La fusione di comuni? Per Laterina e Pergine potrebbe non essere più una opzione, ma un obbligo. I due comuni valdarnesi, infatti, sono gli unici rimasti sotto 5mila abitanti, se non si considera l'ancor più piccolo municipio di Castiglion Fibocchi, che però sta già lavorando alla fusione con Capolona (il referendum si terrà in primavera). 

Quella soglia, 5mila abitanti appunto, potrebbe essere decisiva, se dovesse passare la Proposta di Legge presentata alla Commissione Affari istituzionali della Camera da venti parlamentari del Pd lo scorso novembre, sotto forma di "Modifica al testo unico di cui al decreto legislativo 18 agosto 2000, n. 267, in materia di popolazione dei comuni e di fusione dei comuni minori". 
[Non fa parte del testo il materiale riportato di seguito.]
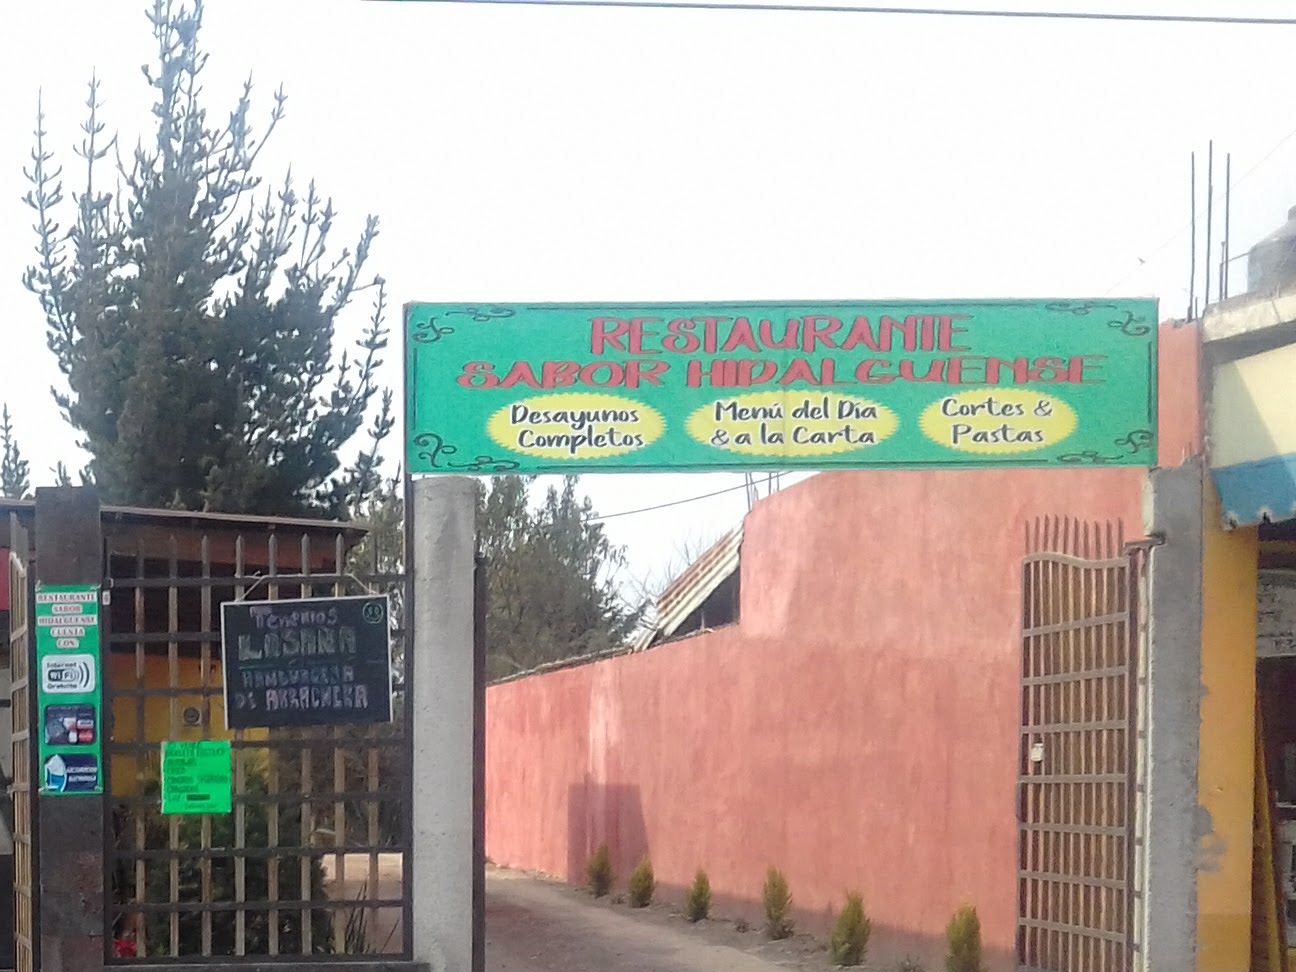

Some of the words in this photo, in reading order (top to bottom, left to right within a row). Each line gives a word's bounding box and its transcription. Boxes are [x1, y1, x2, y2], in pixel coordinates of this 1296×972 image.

[589, 315, 974, 354] RESTAURANTE
[455, 360, 671, 389] SABOR
[685, 355, 1108, 388] HIDALGUENSE
[510, 403, 640, 430] Desayunos
[714, 401, 784, 422] Menú
[792, 396, 830, 420] del
[837, 399, 877, 420] Día
[942, 398, 1024, 417] Cortes
[1032, 400, 1054, 417] &
[517, 424, 644, 454] Completos
[760, 422, 785, 445] la
[792, 424, 875, 445] Carta
[952, 423, 1044, 445] Pastas
La proposta è di rendere obbligatoria la fusione per i comuni più piccoli, sotto i 5mila abitanti appunto. "Secondo dati dell’Istituto nazionale di statistica del 2014, su 8.057 comuni italiani presenti in totale in Italia, ben 5.652 comuni (circa il 70 per cento) hanno una dimensione inferiore a 5.000 abitanti. D’altra parte, a livello nazionale, la percentuale degli abitanti residenti in piccoli comuni è pari al 17,07 per cento dell’intera popolazione. È evidente allora il disequilibrio esistente tra il numero delle amministrazioni locali e la distribuzione degli abitanti tra i residenti", si legge in premessa.

I parlamentari sottolineano poi come la fusione sia "lo strumento più idoneo per superare l’attuale frammentarietà dei comuni italiani", e che "la fascia dei comuni tra 5.000 e 10.000 abitanti è quella che consente una dimensione ottimale perché, da un lato, consente il mantenimento di una dimensione a misura d’uomo […] e, dall’altro, coniuga questo aspetto con la capacità dell’Ente comunale di offrire buoni servizi, realizzando economie di scala che consentono l’ottimizzazione delle risorse". 

Da queste premesse, insieme alla constatazione che finora le fusioni di piccoli comuni in Italia sono state ben poche, i venti parlamentari Pd propongono "innanzitutto che il limite minimo di abitanti perché possa esistere un comune è fissato nella soglia di 5.000 abitanti. Trascorsi poi ventiquattro mesi dalla data di entrata in vigore della legge, le regioni provvederanno […] alla fusione obbligatoria di tutti i comuni la cui popolazione sia inferiore a 5.000 abitanti e che non abbiano già avviato di propria iniziativa procedimenti di fusione. Quindi, di fatto, i comuni avranno due anni di tempo per procedere autonomamente, dal basso, e secondo criteri di omogeneità, maggiormente rispettosi delle caratteristiche fisiche dei territori o delle tradizioni loro proprie […]. Qualora non lo facciano autonomamente nei primi due anni […] saranno le regioni, con propria legge, a provvedere. In tal caso però i comuni perderanno il diritto a tutti i benefici previsti dalla legge per incentivare le fusioni di comuni". 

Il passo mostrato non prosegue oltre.